[[ DATA FOR PROCESSING open ]]

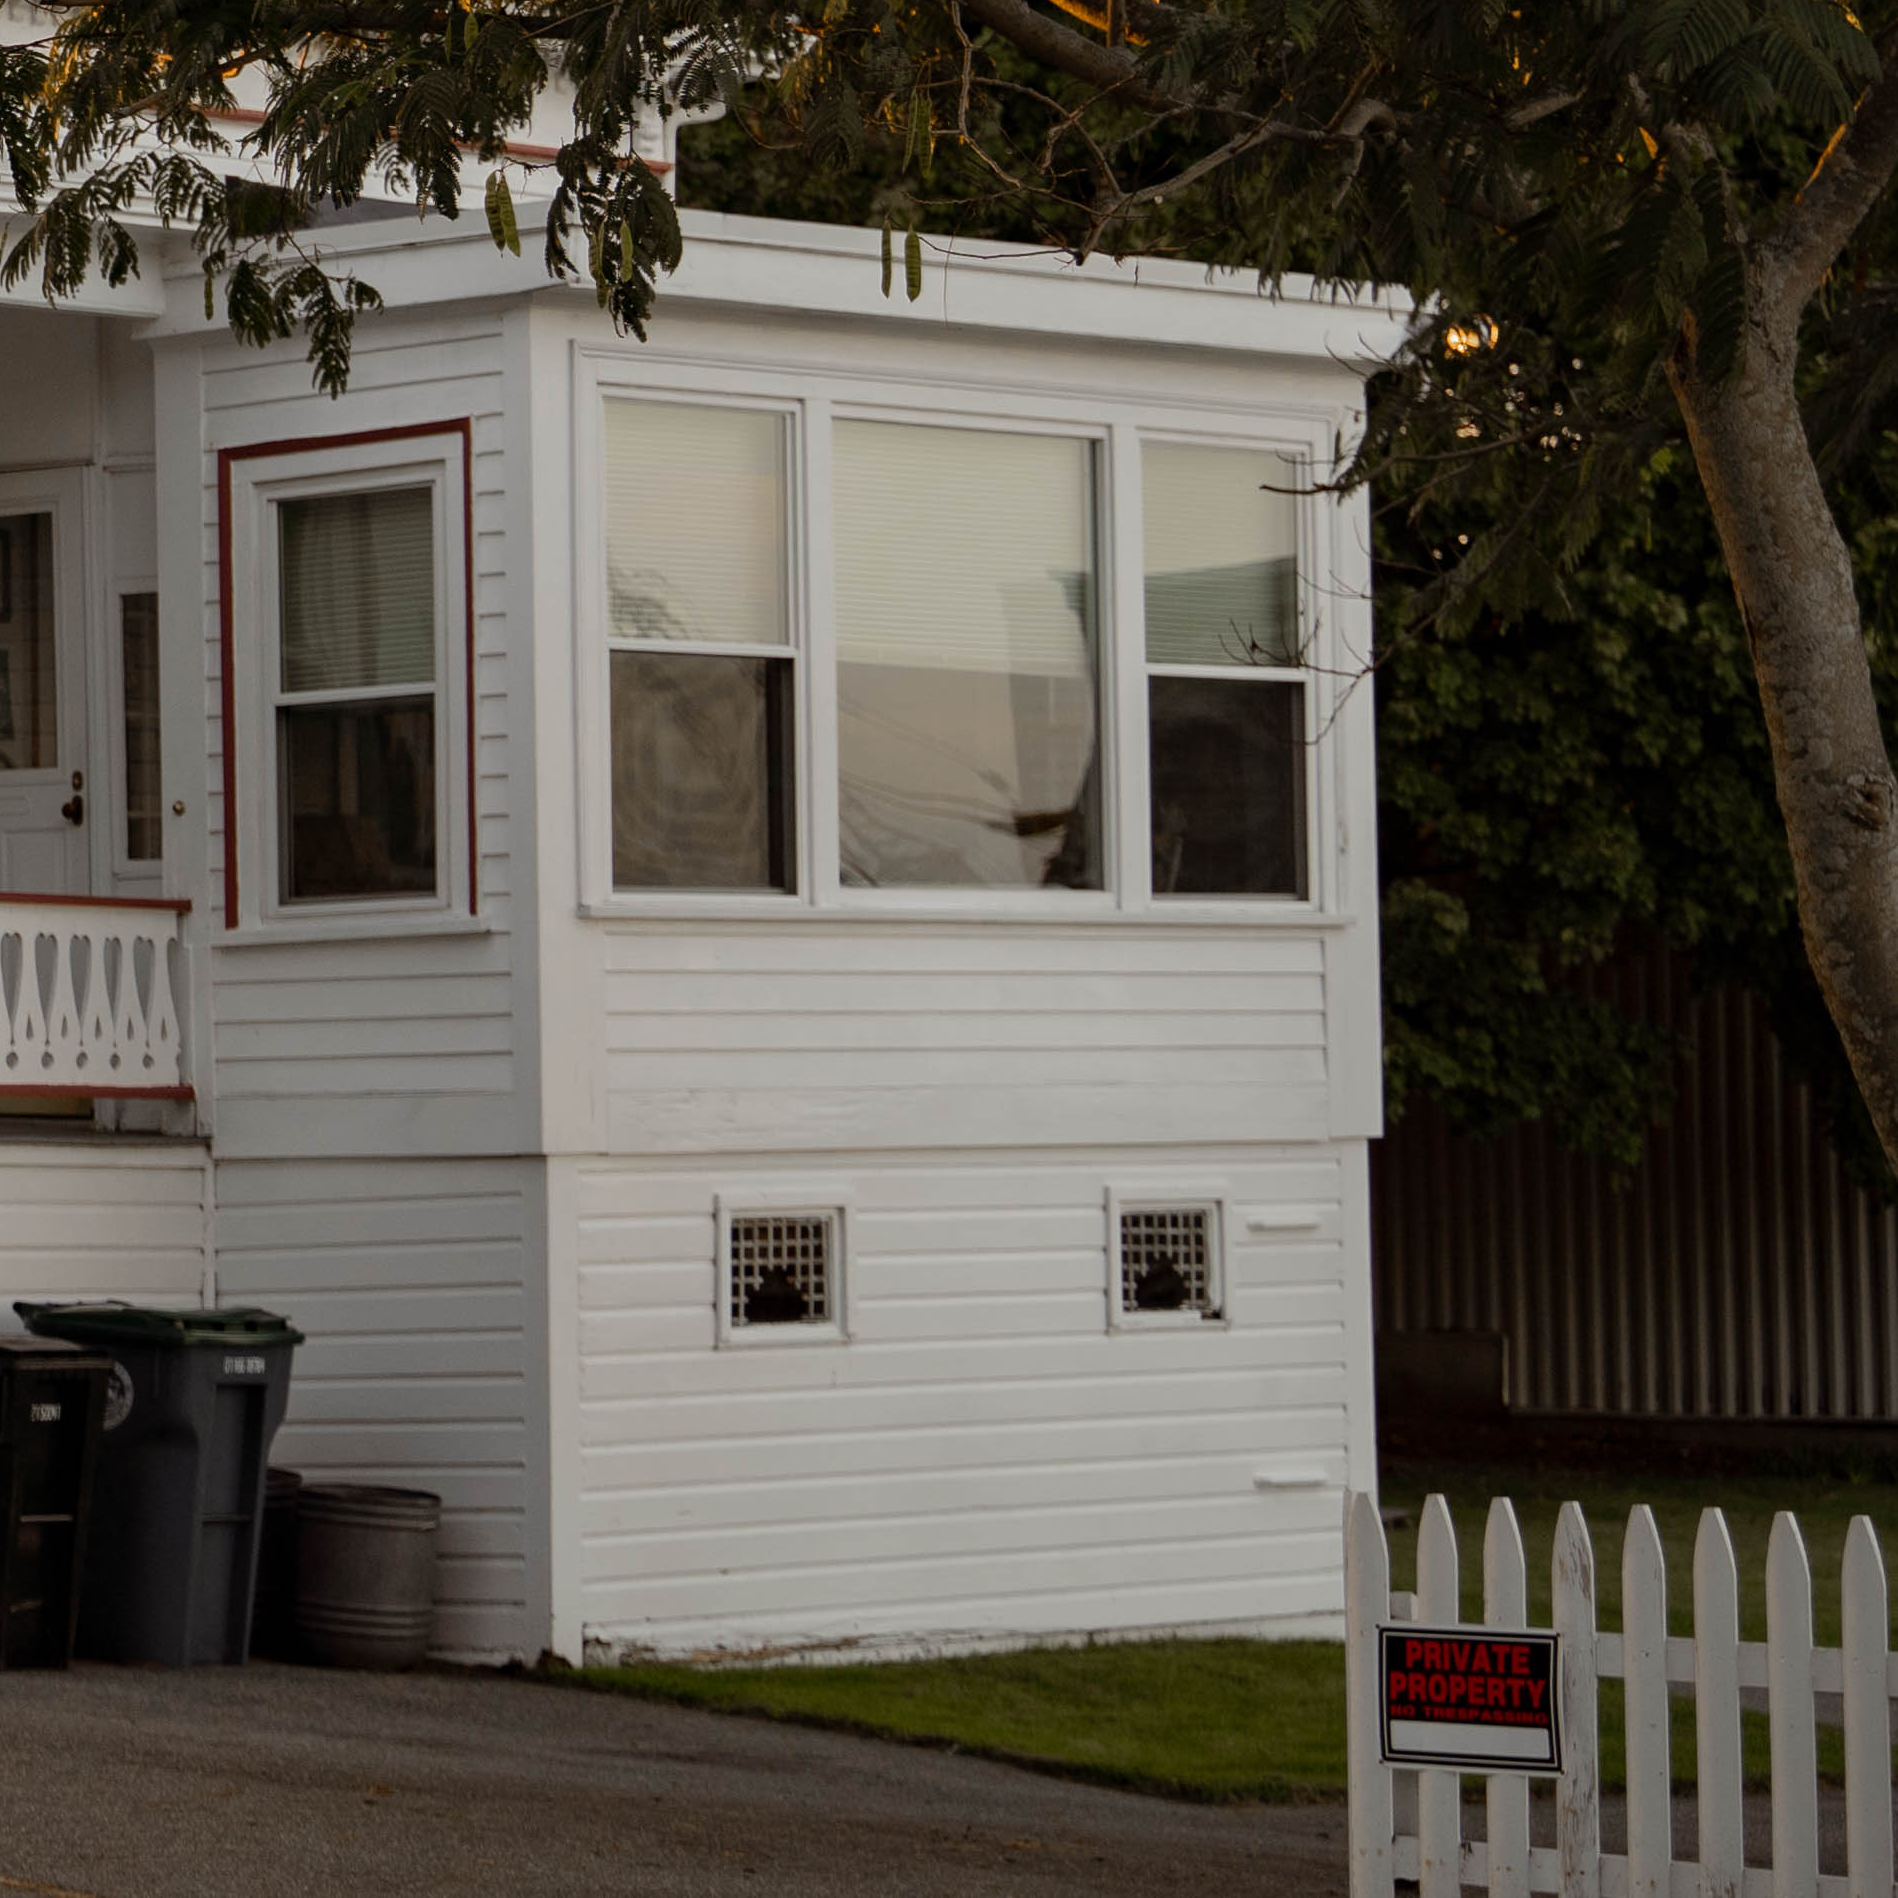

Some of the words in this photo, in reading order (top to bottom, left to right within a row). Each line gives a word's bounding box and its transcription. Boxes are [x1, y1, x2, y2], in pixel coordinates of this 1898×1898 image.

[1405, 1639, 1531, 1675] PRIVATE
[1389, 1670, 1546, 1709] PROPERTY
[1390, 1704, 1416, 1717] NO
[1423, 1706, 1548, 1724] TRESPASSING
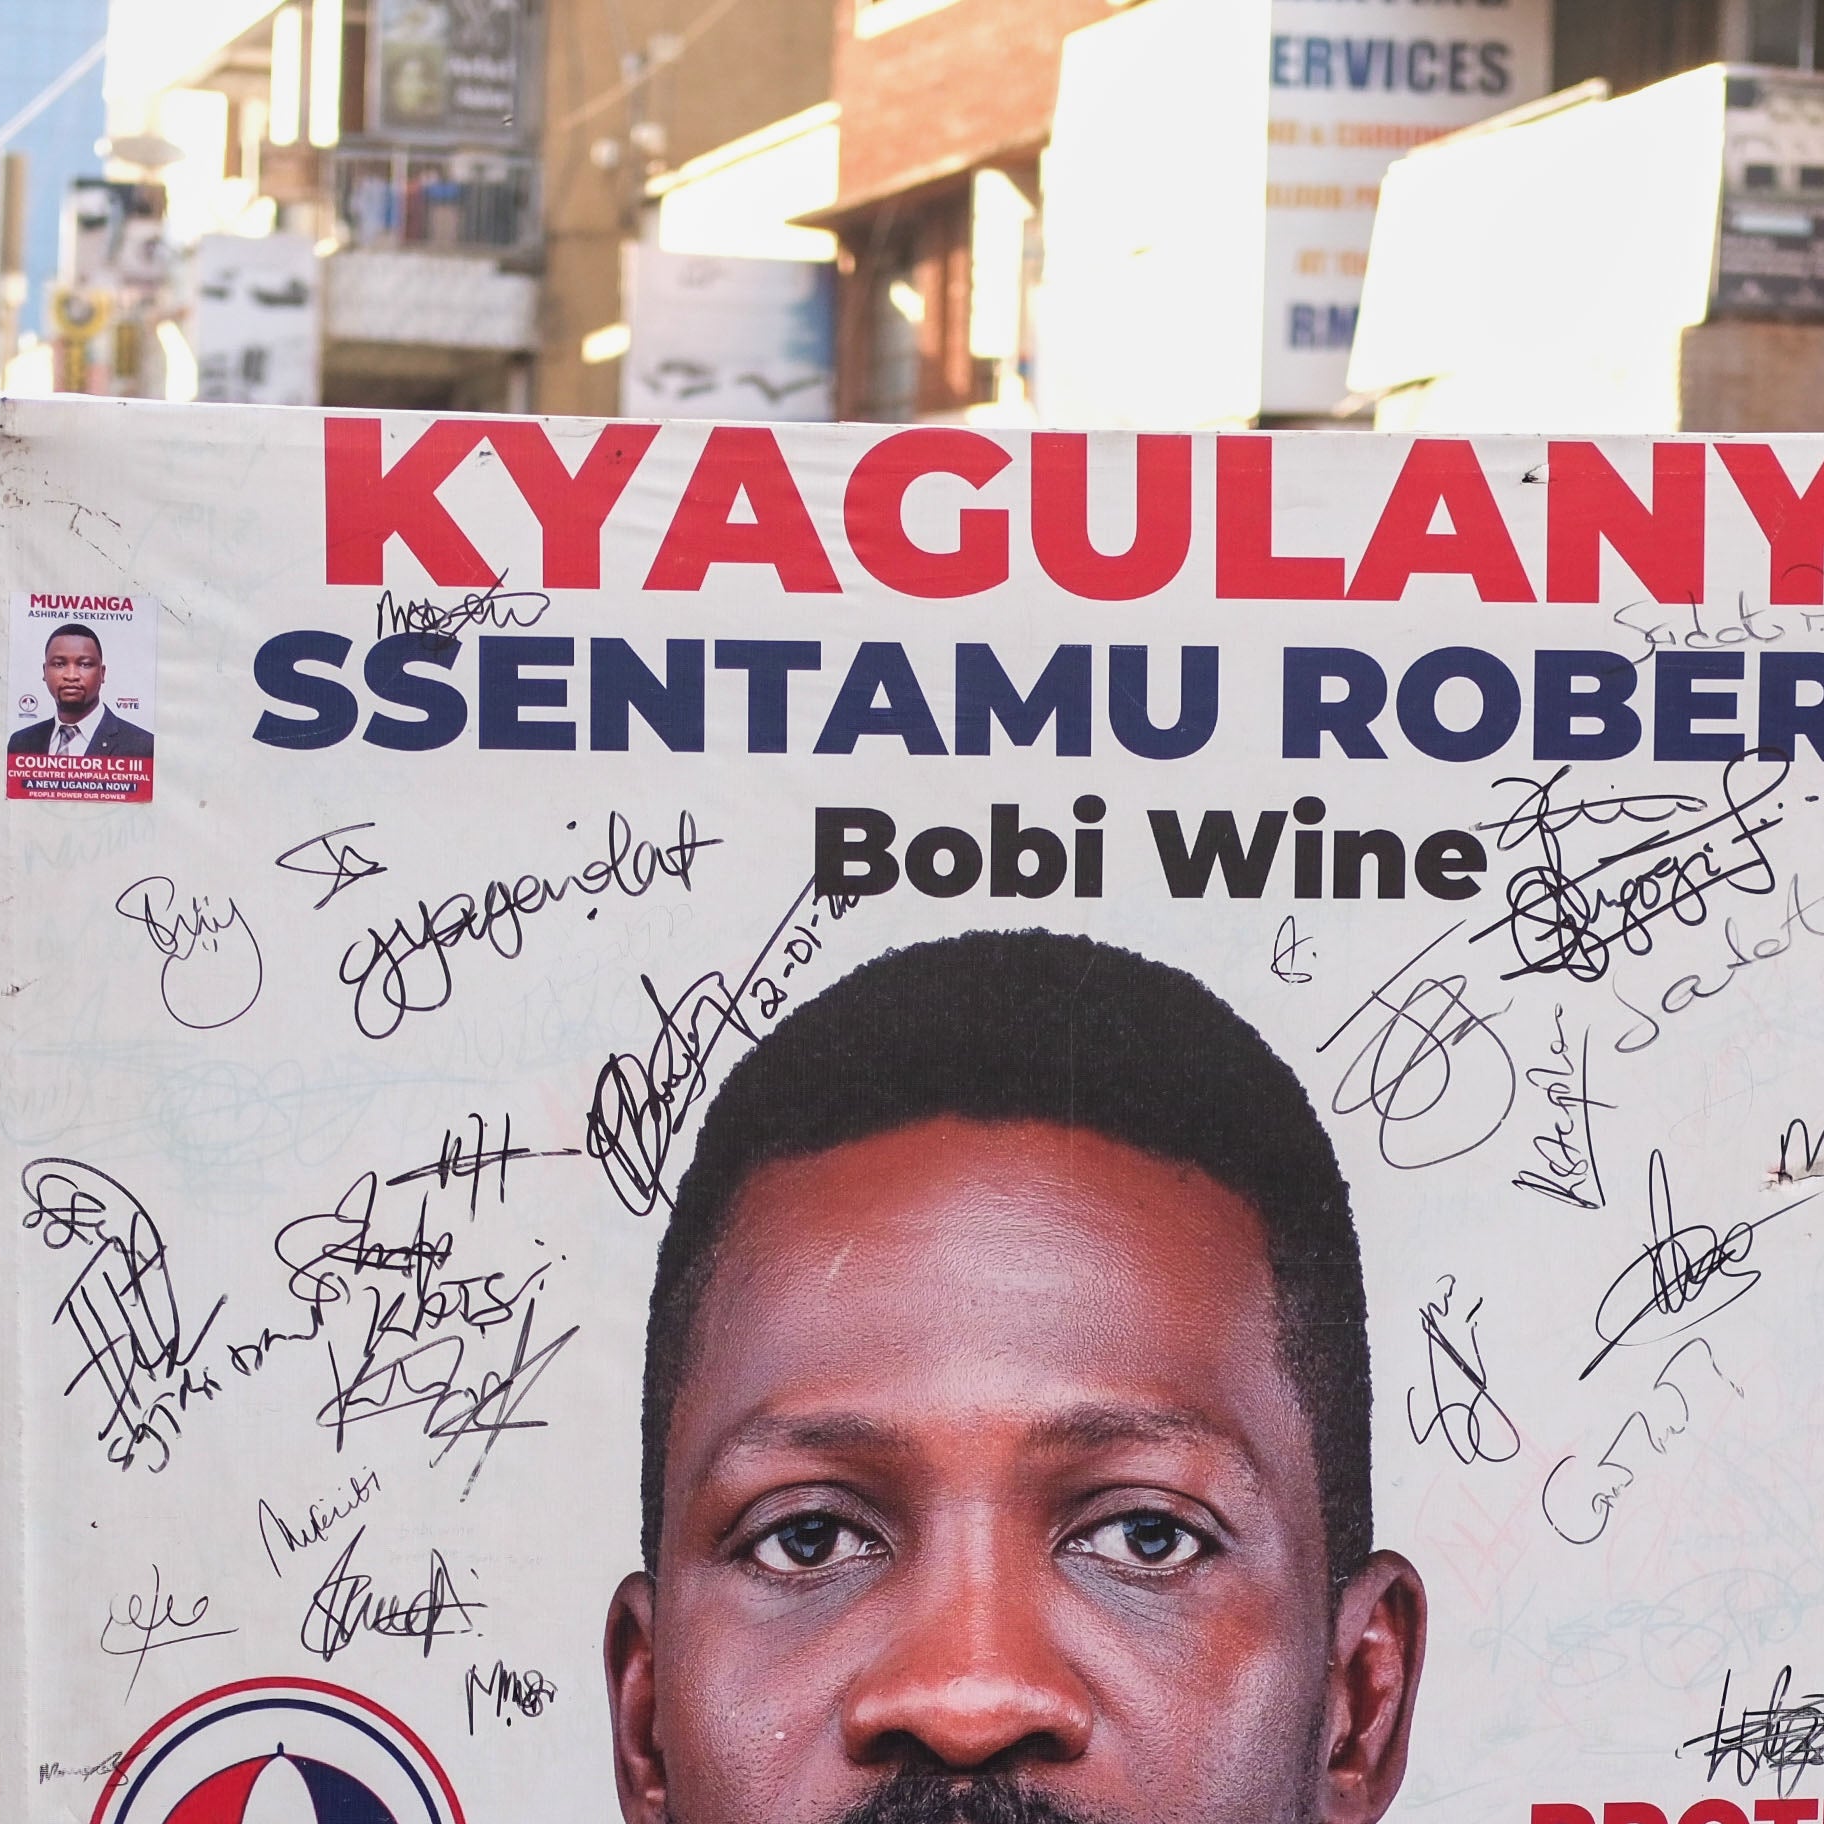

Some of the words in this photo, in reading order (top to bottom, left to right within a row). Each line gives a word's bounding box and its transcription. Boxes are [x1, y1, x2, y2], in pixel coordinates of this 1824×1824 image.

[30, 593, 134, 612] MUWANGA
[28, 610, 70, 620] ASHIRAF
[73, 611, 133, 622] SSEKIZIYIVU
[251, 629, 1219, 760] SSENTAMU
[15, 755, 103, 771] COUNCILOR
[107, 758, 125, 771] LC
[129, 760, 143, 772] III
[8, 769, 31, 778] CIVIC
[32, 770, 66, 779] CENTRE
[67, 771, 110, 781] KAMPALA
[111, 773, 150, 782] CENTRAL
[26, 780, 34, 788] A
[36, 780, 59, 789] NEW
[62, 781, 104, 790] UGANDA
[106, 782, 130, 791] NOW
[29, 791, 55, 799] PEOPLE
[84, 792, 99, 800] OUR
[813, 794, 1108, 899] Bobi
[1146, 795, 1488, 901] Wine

[[ DATA FOR PROCESSING closed ]]

> REQUIRED WORK
Nothing but the pictures should be left out when the records are retyped exactly.

> ANSWER BELOW
Some of the words in this photo, in reading order (top to bottom, left to right within a row). Each line gives a word's bounding box and its transcription. Boxes are [x1, y1, x2, y2], in pixel coordinates of this 1898×1898 image.

[1405, 1639, 1531, 1675] PRIVATE
[1389, 1670, 1546, 1709] PROPERTY
[1390, 1704, 1416, 1717] NO
[1423, 1706, 1548, 1724] TRESPASSING

Some of the words in this photo, in reading order (top to bottom, left to right within a row). Each line gives a word's bounding box and its transcription. Boxes are [x1, y1, x2, y2], in pixel coordinates of this 1824×1824 image.

[30, 593, 134, 612] MUWANGA
[28, 610, 70, 620] ASHIRAF
[73, 611, 133, 622] SSEKIZIYIVU
[251, 629, 1219, 760] SSENTAMU
[15, 755, 103, 771] COUNCILOR
[107, 758, 125, 771] LC
[129, 760, 143, 772] III
[8, 769, 31, 778] CIVIC
[32, 770, 66, 779] CENTRE
[67, 771, 110, 781] KAMPALA
[111, 773, 150, 782] CENTRAL
[26, 780, 34, 788] A
[36, 780, 59, 789] NEW
[62, 781, 104, 790] UGANDA
[106, 782, 130, 791] NOW
[29, 791, 55, 799] PEOPLE
[84, 792, 99, 800] OUR
[813, 794, 1108, 899] Bobi
[1146, 795, 1488, 901] Wine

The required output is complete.